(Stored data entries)

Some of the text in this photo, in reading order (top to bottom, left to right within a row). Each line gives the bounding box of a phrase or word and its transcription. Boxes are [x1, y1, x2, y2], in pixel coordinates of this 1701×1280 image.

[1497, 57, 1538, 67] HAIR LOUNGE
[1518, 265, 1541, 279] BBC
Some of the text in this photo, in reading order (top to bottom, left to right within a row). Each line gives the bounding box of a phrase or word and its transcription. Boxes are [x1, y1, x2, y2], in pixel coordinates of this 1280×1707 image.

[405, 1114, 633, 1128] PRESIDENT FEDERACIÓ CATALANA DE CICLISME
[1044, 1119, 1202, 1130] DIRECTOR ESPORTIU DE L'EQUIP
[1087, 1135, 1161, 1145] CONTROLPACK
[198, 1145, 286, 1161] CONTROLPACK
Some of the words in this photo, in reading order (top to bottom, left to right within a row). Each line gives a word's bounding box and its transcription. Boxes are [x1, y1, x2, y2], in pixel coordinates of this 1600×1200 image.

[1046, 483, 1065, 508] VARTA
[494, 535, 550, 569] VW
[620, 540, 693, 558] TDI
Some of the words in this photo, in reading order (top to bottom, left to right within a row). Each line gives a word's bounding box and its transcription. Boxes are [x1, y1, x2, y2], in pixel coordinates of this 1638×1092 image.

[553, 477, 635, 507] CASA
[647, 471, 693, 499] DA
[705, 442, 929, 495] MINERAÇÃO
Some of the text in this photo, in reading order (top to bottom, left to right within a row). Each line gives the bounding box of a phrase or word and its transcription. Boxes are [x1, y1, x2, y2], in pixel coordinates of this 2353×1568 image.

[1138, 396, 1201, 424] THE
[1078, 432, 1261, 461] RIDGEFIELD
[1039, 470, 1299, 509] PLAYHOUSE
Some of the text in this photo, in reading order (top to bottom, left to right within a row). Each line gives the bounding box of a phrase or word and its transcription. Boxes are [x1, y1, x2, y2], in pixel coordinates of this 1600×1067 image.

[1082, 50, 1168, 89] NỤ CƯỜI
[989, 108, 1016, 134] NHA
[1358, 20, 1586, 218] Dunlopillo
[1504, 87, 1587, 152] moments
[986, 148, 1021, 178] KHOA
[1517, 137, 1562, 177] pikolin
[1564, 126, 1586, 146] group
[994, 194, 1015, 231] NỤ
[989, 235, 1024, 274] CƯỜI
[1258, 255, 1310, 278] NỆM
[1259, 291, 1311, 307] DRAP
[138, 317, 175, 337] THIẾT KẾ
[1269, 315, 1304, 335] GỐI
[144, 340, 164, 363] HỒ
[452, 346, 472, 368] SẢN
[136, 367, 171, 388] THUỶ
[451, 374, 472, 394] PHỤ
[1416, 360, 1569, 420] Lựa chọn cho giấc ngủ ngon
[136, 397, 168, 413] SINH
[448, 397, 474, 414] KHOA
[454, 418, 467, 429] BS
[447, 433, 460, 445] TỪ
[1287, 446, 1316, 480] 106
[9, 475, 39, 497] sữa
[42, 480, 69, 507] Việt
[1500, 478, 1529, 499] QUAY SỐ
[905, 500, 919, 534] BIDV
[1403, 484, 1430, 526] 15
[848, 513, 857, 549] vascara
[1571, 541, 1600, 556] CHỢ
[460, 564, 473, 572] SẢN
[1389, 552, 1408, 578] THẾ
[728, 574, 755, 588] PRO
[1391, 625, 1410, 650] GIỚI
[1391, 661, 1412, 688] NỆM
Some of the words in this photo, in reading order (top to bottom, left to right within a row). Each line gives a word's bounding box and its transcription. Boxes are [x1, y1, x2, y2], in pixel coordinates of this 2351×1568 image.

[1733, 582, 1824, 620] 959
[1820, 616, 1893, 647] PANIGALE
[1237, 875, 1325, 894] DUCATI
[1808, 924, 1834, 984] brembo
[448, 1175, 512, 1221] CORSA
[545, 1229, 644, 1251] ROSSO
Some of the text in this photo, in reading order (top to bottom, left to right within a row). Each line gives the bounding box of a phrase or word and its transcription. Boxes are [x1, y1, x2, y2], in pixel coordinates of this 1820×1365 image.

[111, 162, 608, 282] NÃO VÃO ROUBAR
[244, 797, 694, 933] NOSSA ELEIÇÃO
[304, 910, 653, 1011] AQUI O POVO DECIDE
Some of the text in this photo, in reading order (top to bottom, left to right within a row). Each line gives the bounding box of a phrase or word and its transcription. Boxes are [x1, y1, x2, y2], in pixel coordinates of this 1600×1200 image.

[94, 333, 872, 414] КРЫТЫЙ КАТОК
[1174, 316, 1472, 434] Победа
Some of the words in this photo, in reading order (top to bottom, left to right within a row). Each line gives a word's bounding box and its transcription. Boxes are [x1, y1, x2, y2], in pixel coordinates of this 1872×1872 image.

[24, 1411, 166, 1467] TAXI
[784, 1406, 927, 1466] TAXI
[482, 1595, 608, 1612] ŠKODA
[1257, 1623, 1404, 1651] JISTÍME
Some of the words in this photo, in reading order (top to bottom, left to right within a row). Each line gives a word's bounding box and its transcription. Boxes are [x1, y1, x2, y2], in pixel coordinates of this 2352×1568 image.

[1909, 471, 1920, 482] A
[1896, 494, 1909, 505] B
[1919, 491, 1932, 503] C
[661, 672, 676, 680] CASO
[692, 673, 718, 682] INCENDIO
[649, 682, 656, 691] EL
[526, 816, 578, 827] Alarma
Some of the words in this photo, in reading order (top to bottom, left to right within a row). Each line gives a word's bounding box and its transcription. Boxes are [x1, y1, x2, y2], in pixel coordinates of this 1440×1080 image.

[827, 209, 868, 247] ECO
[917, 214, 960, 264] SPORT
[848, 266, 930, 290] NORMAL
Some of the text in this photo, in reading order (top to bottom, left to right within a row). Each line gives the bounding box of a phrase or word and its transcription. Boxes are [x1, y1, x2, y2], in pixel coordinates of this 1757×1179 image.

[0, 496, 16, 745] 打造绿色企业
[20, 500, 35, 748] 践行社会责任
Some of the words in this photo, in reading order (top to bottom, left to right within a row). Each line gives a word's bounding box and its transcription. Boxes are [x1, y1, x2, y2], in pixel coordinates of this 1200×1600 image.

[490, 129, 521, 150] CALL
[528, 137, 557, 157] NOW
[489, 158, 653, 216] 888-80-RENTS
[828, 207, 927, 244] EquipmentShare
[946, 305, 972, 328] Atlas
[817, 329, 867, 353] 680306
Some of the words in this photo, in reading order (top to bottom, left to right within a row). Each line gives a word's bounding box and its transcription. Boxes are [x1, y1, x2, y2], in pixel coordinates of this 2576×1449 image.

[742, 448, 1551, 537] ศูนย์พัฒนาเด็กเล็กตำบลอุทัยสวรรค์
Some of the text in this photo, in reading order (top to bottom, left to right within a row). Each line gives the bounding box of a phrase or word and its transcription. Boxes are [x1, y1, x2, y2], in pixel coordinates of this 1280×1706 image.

What you should do: Repeat the data in full, exactly as supplied.

Reply:
Some of the text in this photo, in reading order (top to bottom, left to right within a row). Each line gives the bounding box of a phrase or word and its transcription. Boxes are [x1, y1, x2, y2], in pixel coordinates of this 1701×1280 image.

[1497, 57, 1538, 67] HAIR LOUNGE
[1518, 265, 1541, 279] BBC
Some of the text in this photo, in reading order (top to bottom, left to right within a row). Each line gives the bounding box of a phrase or word and its transcription. Boxes are [x1, y1, x2, y2], in pixel coordinates of this 1280×1707 image.

[405, 1114, 633, 1128] PRESIDENT FEDERACIÓ CATALANA DE CICLISME
[1044, 1119, 1202, 1130] DIRECTOR ESPORTIU DE L'EQUIP
[1087, 1135, 1161, 1145] CONTROLPACK
[198, 1145, 286, 1161] CONTROLPACK
Some of the words in this photo, in reading order (top to bottom, left to right within a row). Each line gives a word's bounding box and its transcription. Boxes are [x1, y1, x2, y2], in pixel coordinates of this 1600×1200 image.

[1046, 483, 1065, 508] VARTA
[494, 535, 550, 569] VW
[620, 540, 693, 558] TDI
Some of the words in this photo, in reading order (top to bottom, left to right within a row). Each line gives a word's bounding box and its transcription. Boxes are [x1, y1, x2, y2], in pixel coordinates of this 1638×1092 image.

[553, 477, 635, 507] CASA
[647, 471, 693, 499] DA
[705, 442, 929, 495] MINERAÇÃO
Some of the text in this photo, in reading order (top to bottom, left to right within a row). Each line gives the bounding box of a phrase or word and its transcription. Boxes are [x1, y1, x2, y2], in pixel coordinates of this 2353×1568 image.

[1138, 396, 1201, 424] THE
[1078, 432, 1261, 461] RIDGEFIELD
[1039, 470, 1299, 509] PLAYHOUSE
Some of the text in this photo, in reading order (top to bottom, left to right within a row). Each line gives the bounding box of a phrase or word and its transcription. Boxes are [x1, y1, x2, y2], in pixel coordinates of this 1600×1067 image.

[1082, 50, 1168, 89] NỤ CƯỜI
[989, 108, 1016, 134] NHA
[1358, 20, 1586, 218] Dunlopillo
[1504, 87, 1587, 152] moments
[986, 148, 1021, 178] KHOA
[1517, 137, 1562, 177] pikolin
[1564, 126, 1586, 146] group
[994, 194, 1015, 231] NỤ
[989, 235, 1024, 274] CƯỜI
[1258, 255, 1310, 278] NỆM
[1259, 291, 1311, 307] DRAP
[138, 317, 175, 337] THIẾT KẾ
[1269, 315, 1304, 335] GỐI
[144, 340, 164, 363] HỒ
[452, 346, 472, 368] SẢN
[136, 367, 171, 388] THUỶ
[451, 374, 472, 394] PHỤ
[1416, 360, 1569, 420] Lựa chọn cho giấc ngủ ngon
[136, 397, 168, 413] SINH
[448, 397, 474, 414] KHOA
[454, 418, 467, 429] BS
[447, 433, 460, 445] TỪ
[1287, 446, 1316, 480] 106
[9, 475, 39, 497] sữa
[42, 480, 69, 507] Việt
[1500, 478, 1529, 499] QUAY SỐ
[905, 500, 919, 534] BIDV
[1403, 484, 1430, 526] 15
[848, 513, 857, 549] vascara
[1571, 541, 1600, 556] CHỢ
[460, 564, 473, 572] SẢN
[1389, 552, 1408, 578] THẾ
[728, 574, 755, 588] PRO
[1391, 625, 1410, 650] GIỚI
[1391, 661, 1412, 688] NỆM
Some of the words in this photo, in reading order (top to bottom, left to right within a row). Each line gives a word's bounding box and its transcription. Boxes are [x1, y1, x2, y2], in pixel coordinates of this 2351×1568 image.

[1733, 582, 1824, 620] 959
[1820, 616, 1893, 647] PANIGALE
[1237, 875, 1325, 894] DUCATI
[1808, 924, 1834, 984] brembo
[448, 1175, 512, 1221] CORSA
[545, 1229, 644, 1251] ROSSO
Some of the text in this photo, in reading order (top to bottom, left to right within a row). Each line gives the bounding box of a phrase or word and its transcription. Boxes are [x1, y1, x2, y2], in pixel coordinates of this 1820×1365 image.

[111, 162, 608, 282] NÃO VÃO ROUBAR
[244, 797, 694, 933] NOSSA ELEIÇÃO
[304, 910, 653, 1011] AQUI O POVO DECIDE
Some of the text in this photo, in reading order (top to bottom, left to right within a row). Each line gives the bounding box of a phrase or word and its transcription. Boxes are [x1, y1, x2, y2], in pixel coordinates of this 1600×1200 image.

[94, 333, 872, 414] КРЫТЫЙ КАТОК
[1174, 316, 1472, 434] Победа
Some of the words in this photo, in reading order (top to bottom, left to right within a row). Each line gives a word's bounding box and its transcription. Boxes are [x1, y1, x2, y2], in pixel coordinates of this 1872×1872 image.

[24, 1411, 166, 1467] TAXI
[784, 1406, 927, 1466] TAXI
[482, 1595, 608, 1612] ŠKODA
[1257, 1623, 1404, 1651] JISTÍME
Some of the words in this photo, in reading order (top to bottom, left to right within a row). Each line gives a word's bounding box and its transcription. Boxes are [x1, y1, x2, y2], in pixel coordinates of this 2352×1568 image.

[1909, 471, 1920, 482] A
[1896, 494, 1909, 505] B
[1919, 491, 1932, 503] C
[661, 672, 676, 680] CASO
[692, 673, 718, 682] INCENDIO
[649, 682, 656, 691] EL
[526, 816, 578, 827] Alarma
Some of the words in this photo, in reading order (top to bottom, left to right within a row). Each line gives a word's bounding box and its transcription. Boxes are [x1, y1, x2, y2], in pixel coordinates of this 1440×1080 image.

[827, 209, 868, 247] ECO
[917, 214, 960, 264] SPORT
[848, 266, 930, 290] NORMAL
Some of the text in this photo, in reading order (top to bottom, left to right within a row). Each line gives the bounding box of a phrase or word and its transcription. Boxes are [x1, y1, x2, y2], in pixel coordinates of this 1757×1179 image.

[0, 496, 16, 745] 打造绿色企业
[20, 500, 35, 748] 践行社会责任
Some of the words in this photo, in reading order (top to bottom, left to right within a row). Each line gives a word's bounding box and its transcription. Boxes are [x1, y1, x2, y2], in pixel coordinates of this 1200×1600 image.

[490, 129, 521, 150] CALL
[528, 137, 557, 157] NOW
[489, 158, 653, 216] 888-80-RENTS
[828, 207, 927, 244] EquipmentShare
[946, 305, 972, 328] Atlas
[817, 329, 867, 353] 680306
Some of the words in this photo, in reading order (top to bottom, left to right within a row). Each line gives a word's bounding box and its transcription. Boxes are [x1, y1, x2, y2], in pixel coordinates of this 2576×1449 image.

[742, 448, 1551, 537] ศูนย์พัฒนาเด็กเล็กตำบลอุทัยสวรรค์
Some of the text in this photo, in reading order (top to bottom, left to right within a row). Each line gives the bounding box of a phrase or word and its transcription. Boxes are [x1, y1, x2, y2], in pixel coordinates of this 1280×1706 image.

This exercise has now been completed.